Here, McDonald’s is on a stretch of road between the small town where the farm is, and the small city where the farmer’s market is; a quarter-mile away, there’s a small diner that serves French fries that Farmbaby loves, and has waitresses who love her. There’s a bagel shop, there’s a second diner, there’s a convenience store that does great ice cream, then down in the city right by Farmbaby’s school there are literally a dozen affordable local-owned places– a bagel shop, a donut shop (artisianal donuts! i know!), a candy store, another bagel shop (we’re spoiled for choice), a diner, a coffee shop with good baked goods, a fried chicken place that’s phenomenal, a place that does sliders, a place that does quesadillas, a place that does just hot dogs, a food court place with seven restaurants in it that’s open every day (including halal, subs, soul food, Hawaiian food, burritos, crepes, I’m forgetting one)– I’m just saying, there are choices, and my sister’s friends own many of them. 

There’s no reason to go to McD’s, and Nana explains that “well she pitches a fit because she wants it”– she would not know what it was if you had not made such a big fucking deal about it, woman!! 

Ugh just this moment I overheard a great example of how a non-parent adult can help a parent reinforce consistent discipline.
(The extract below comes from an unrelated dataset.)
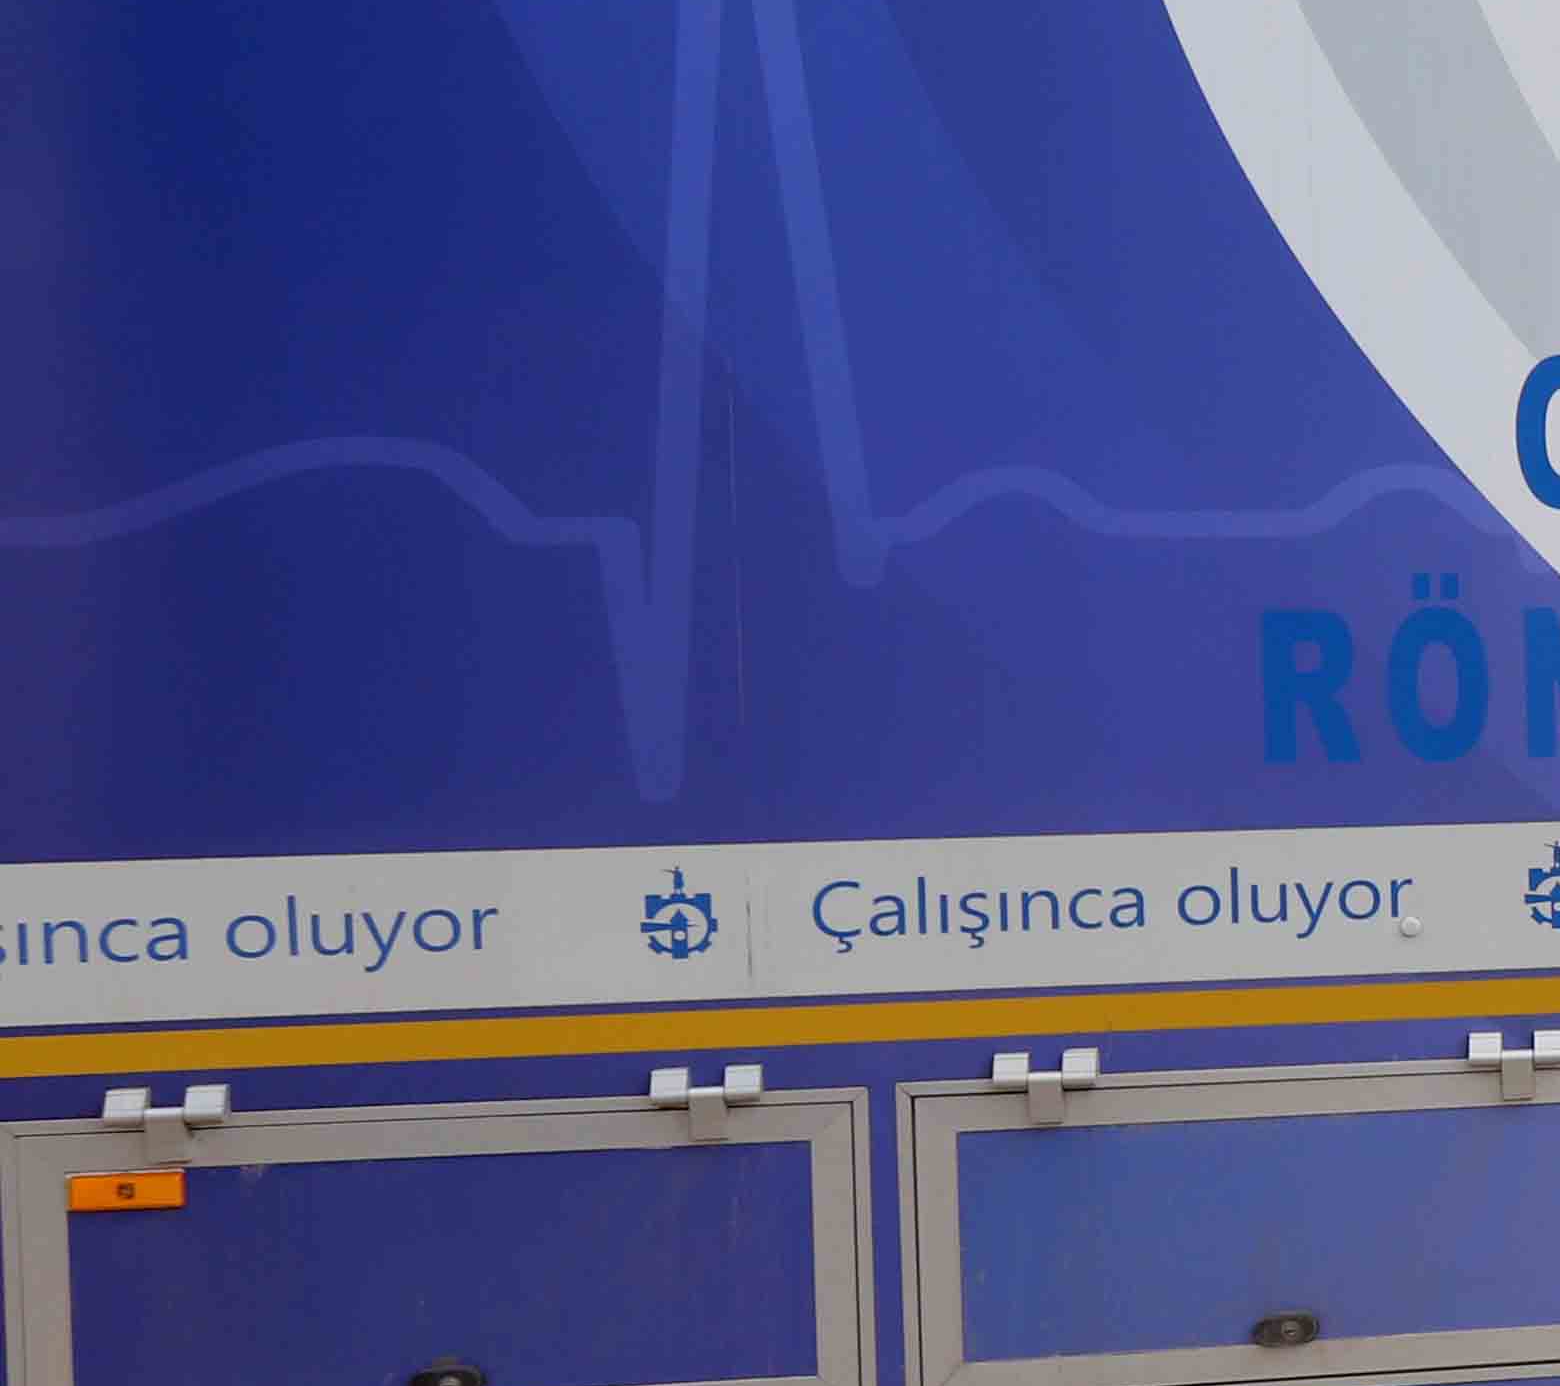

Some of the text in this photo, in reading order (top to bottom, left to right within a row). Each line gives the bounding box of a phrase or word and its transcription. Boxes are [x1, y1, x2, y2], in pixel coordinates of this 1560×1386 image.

[225, 893, 500, 972] oluyor
[811, 865, 1416, 953] Çalışınca oluyor
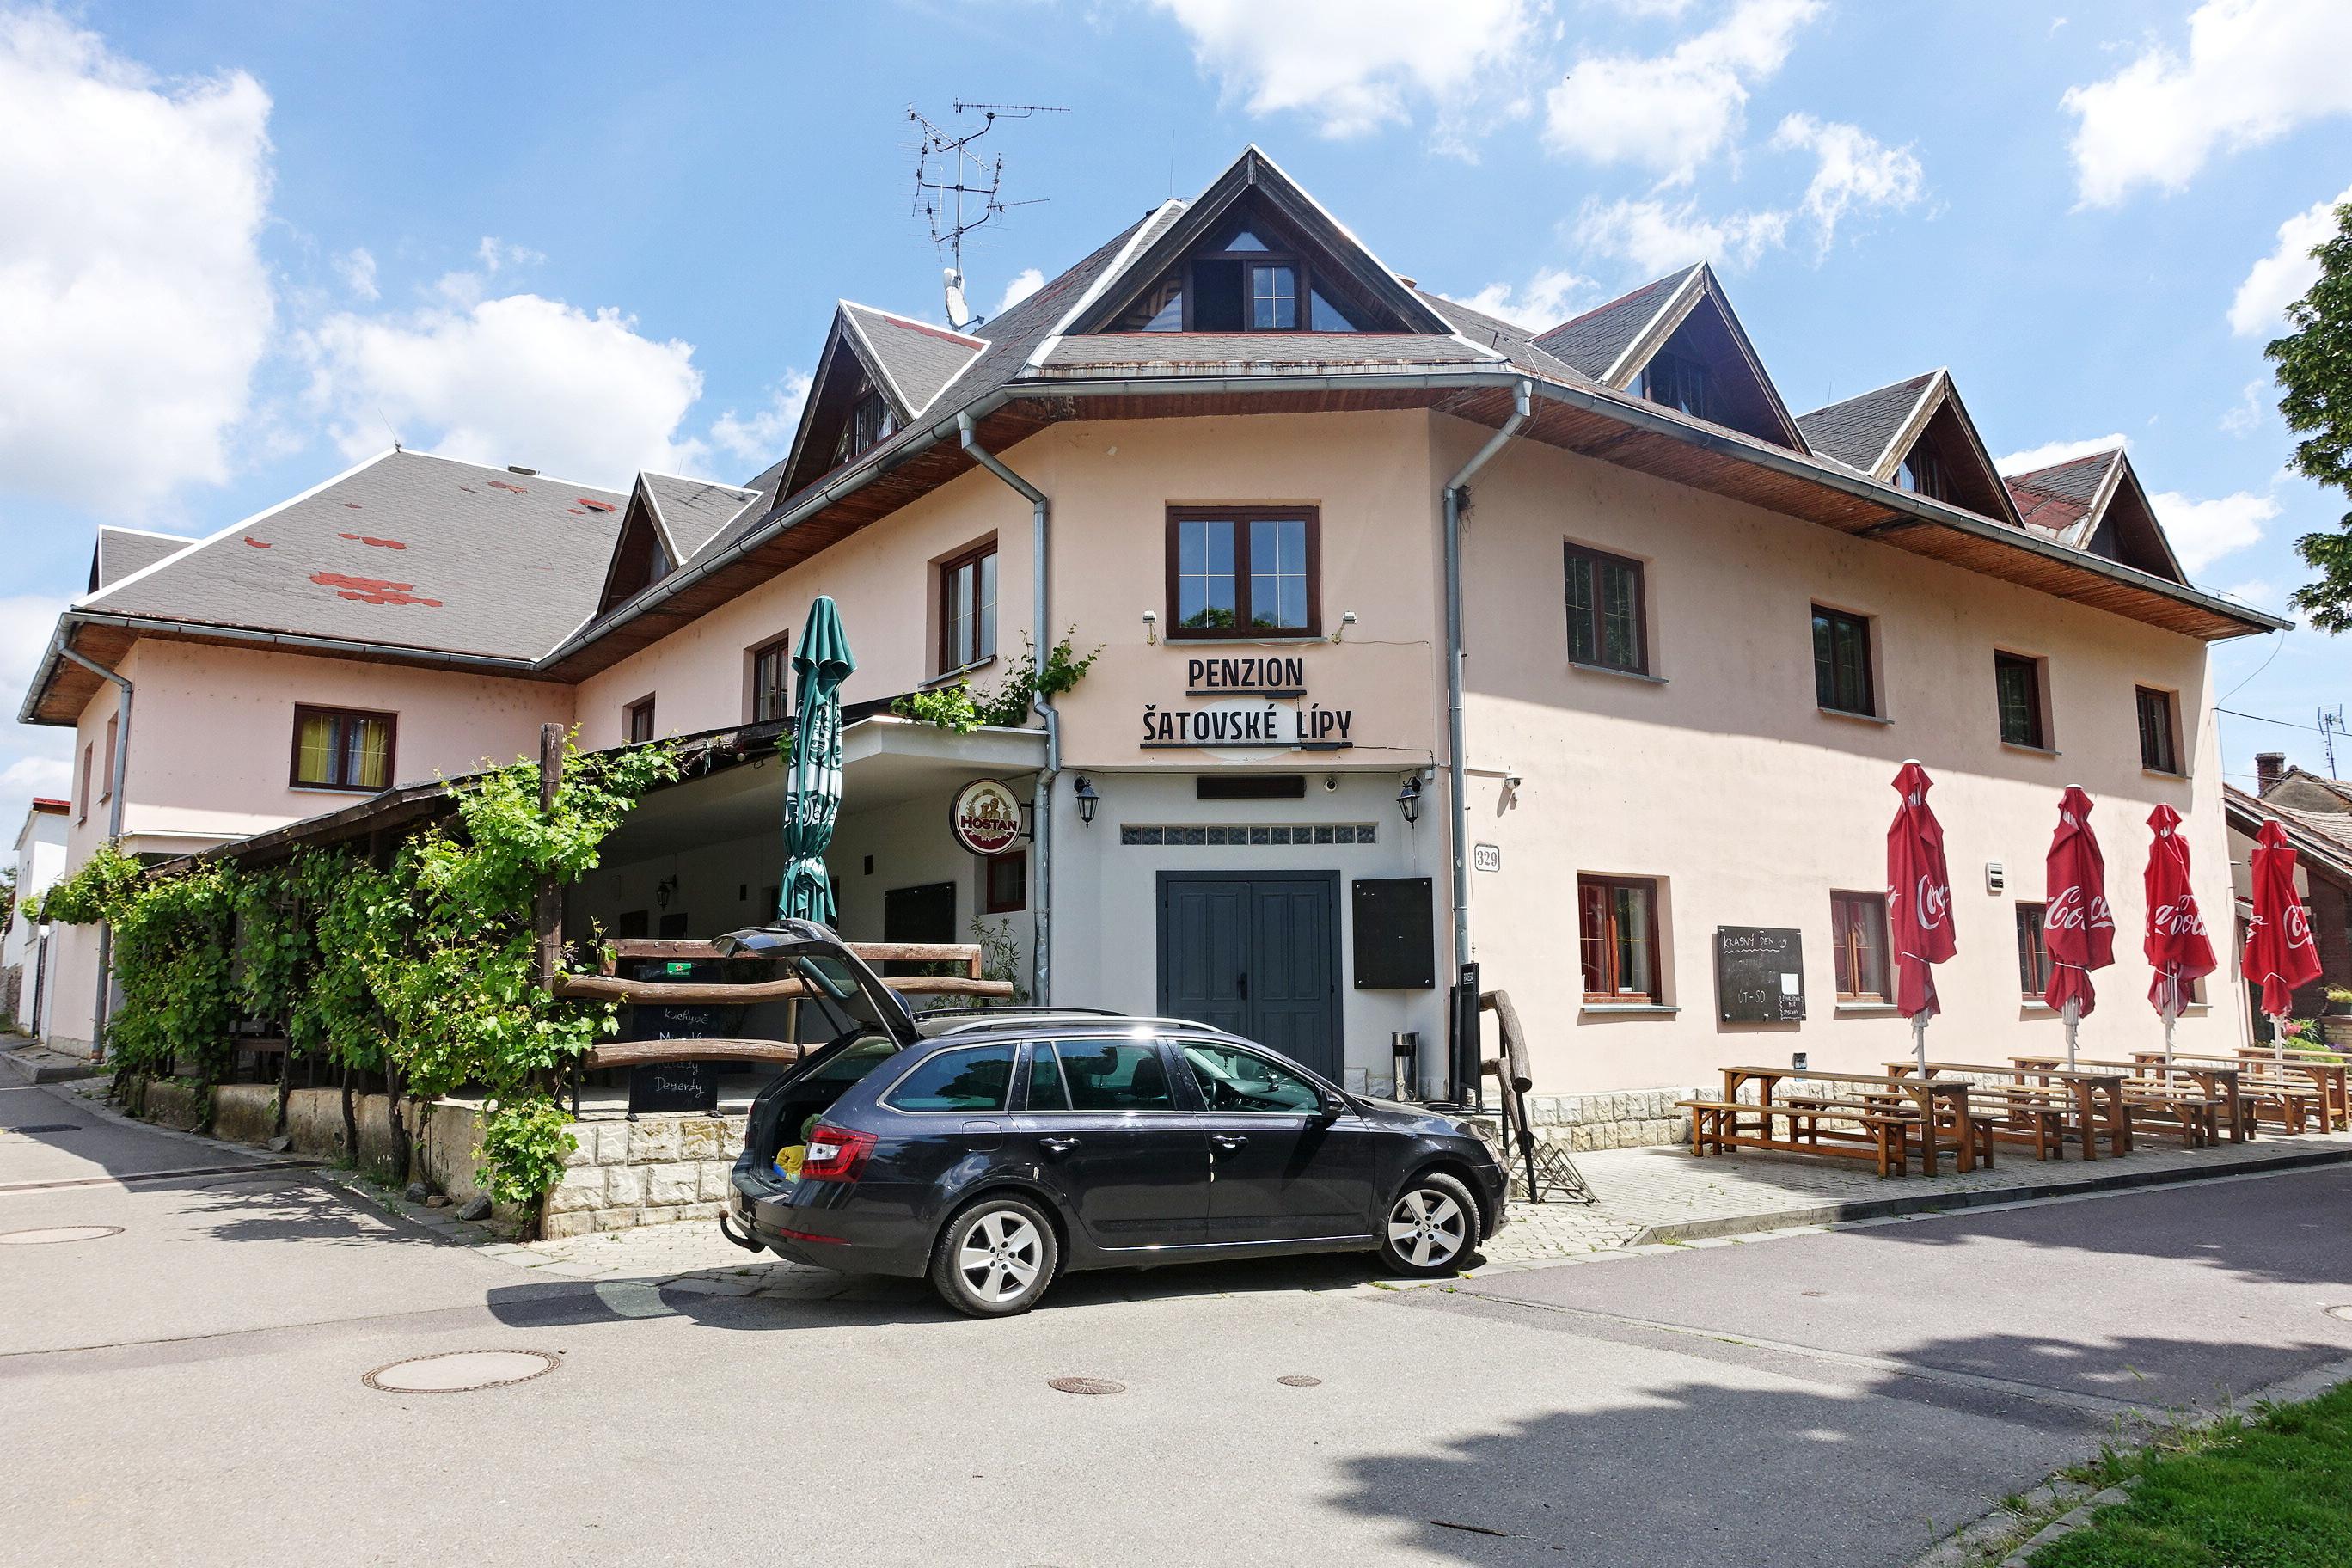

Farmbaby was coming in with her mother, and then said, “I want to go in through Veg Manager’s door.” (His apartment adjoins the house, and has a door fifteen feet or so from the main kitchen door. He has a great relationship with Farmbaby, because he’s been around most of her life, has no kids himself, and so treats her mostly the way he’d treat any other person, just understanding that she’s under three feet tall and doesn’t really know a lot of stuff yet. He even makes her special lunches when it’s his day to cook, just like he does for the one woman who works here who eats a high-protein diet, because he’s a nice and sensible dude and cares about people without being weird about it.) “No,” her mother said, “don’t walk through his house with your shoes on. Just come through our door.” “No, I want to go through his door!” “You can’t go in if he says no, honey, you have to ask him for permission.” So she asked him. “VM, can I come in through your door?” It’s a screen door, so he’d heard the whole exchange.
“Mmm,” he said thoughtfully, “no, I think you’d better go with your mother so your shoes wind up in the right place.”
“He said no, so you better come in this way,” my sister said, and Farmbaby pouted, but the logic was impeccable: VM said no, and he’s her friend, and she wouldn’t want to hurt his feelings. So she dragged herself up and into the kitchen door– 

and forgot about the whole thing, and it was not an issue anymore, because the adults were consistent and fair, and the non-parent observed the interaction and behaved consistently. 

Nana just undercuts and isn’t consistent, and oh my god she can’t stop confusing the dog, I’m getting really upset about that. Don’t feed people’s dogs! Don’t give them cookies! Don’t ask them to do treats they don’t know how to do!! She insists on doing “sit” and “shake”, and Dini knows those, so that’s ok, but then she wants her to shake with her other paw, and she was never taught how to do that and is a nine-year-old Labrador mix, she’s not going to pick it up easily, and somehow Nana just thinks she’s going to “get” it somehow?

Anyway. Farmbaby is unmanageably unruly (currently stampeding and shrieking upstairs, I’ve heard my sister start a loud three-count at least twice. You know the kind. “ONE! I MEAN IT! TWO! YOU’RE GONNA BE SORRY~~” Makes me cringe all the way down the stairs.

Oh my god she’s on two again, a third time. This isn’t going smoothly.)

Nana’s leaving Friday morning. Farmbaby’s gonna need a good long detox and some calm and consistent lack of excitement.